- Task statement: Exactly as they appear, transcribe the entries and skip any pictures.

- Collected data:
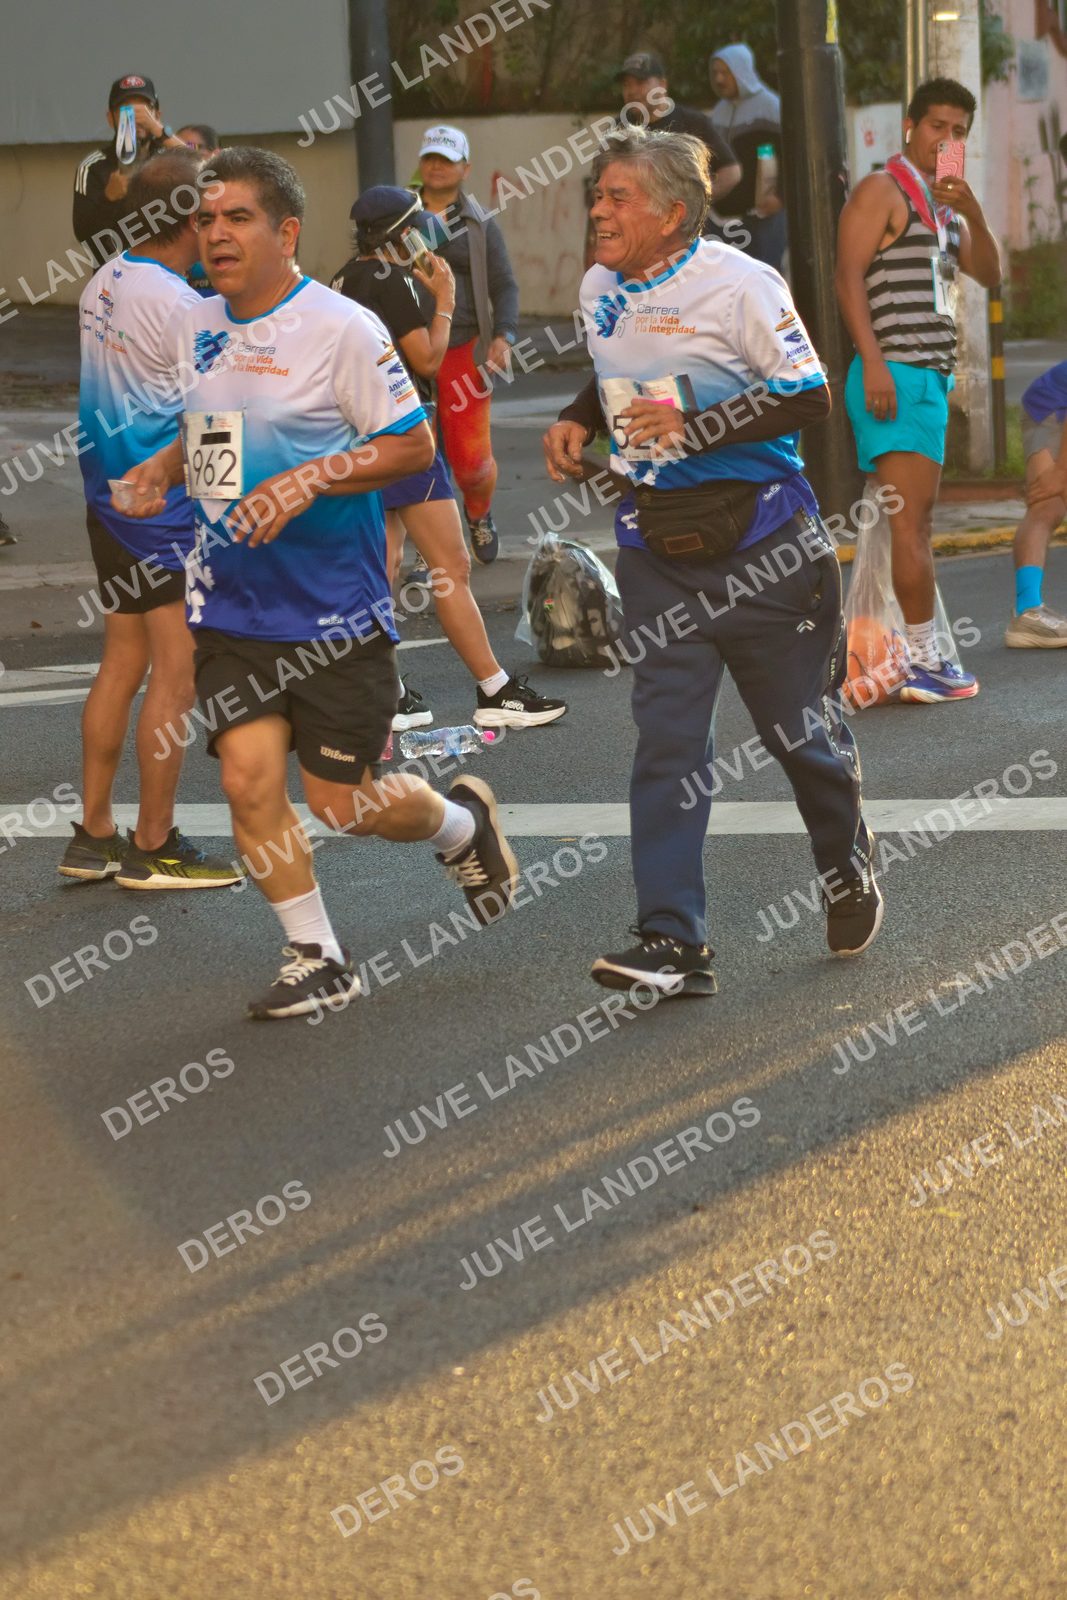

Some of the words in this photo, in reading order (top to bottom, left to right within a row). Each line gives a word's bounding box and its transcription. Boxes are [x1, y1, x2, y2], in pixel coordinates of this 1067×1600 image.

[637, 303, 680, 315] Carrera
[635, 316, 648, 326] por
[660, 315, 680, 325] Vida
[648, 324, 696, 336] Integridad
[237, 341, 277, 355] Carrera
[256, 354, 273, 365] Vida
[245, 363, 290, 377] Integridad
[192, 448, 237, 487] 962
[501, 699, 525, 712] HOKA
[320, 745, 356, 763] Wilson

- Problem solution:
Some of the words in this photo, in reading order (top to bottom, left to right within a row). Each line gives a word's bounding box and its transcription. Boxes are [x1, y1, x2, y2], in pixel coordinates of this 1067×1600 image.

[637, 303, 680, 315] Carrera
[635, 316, 648, 326] por
[660, 315, 680, 325] Vida
[648, 324, 696, 336] Integridad
[237, 341, 277, 355] Carrera
[256, 354, 273, 365] Vida
[245, 363, 290, 377] Integridad
[192, 448, 237, 487] 962
[501, 699, 525, 712] HOKA
[320, 745, 356, 763] Wilson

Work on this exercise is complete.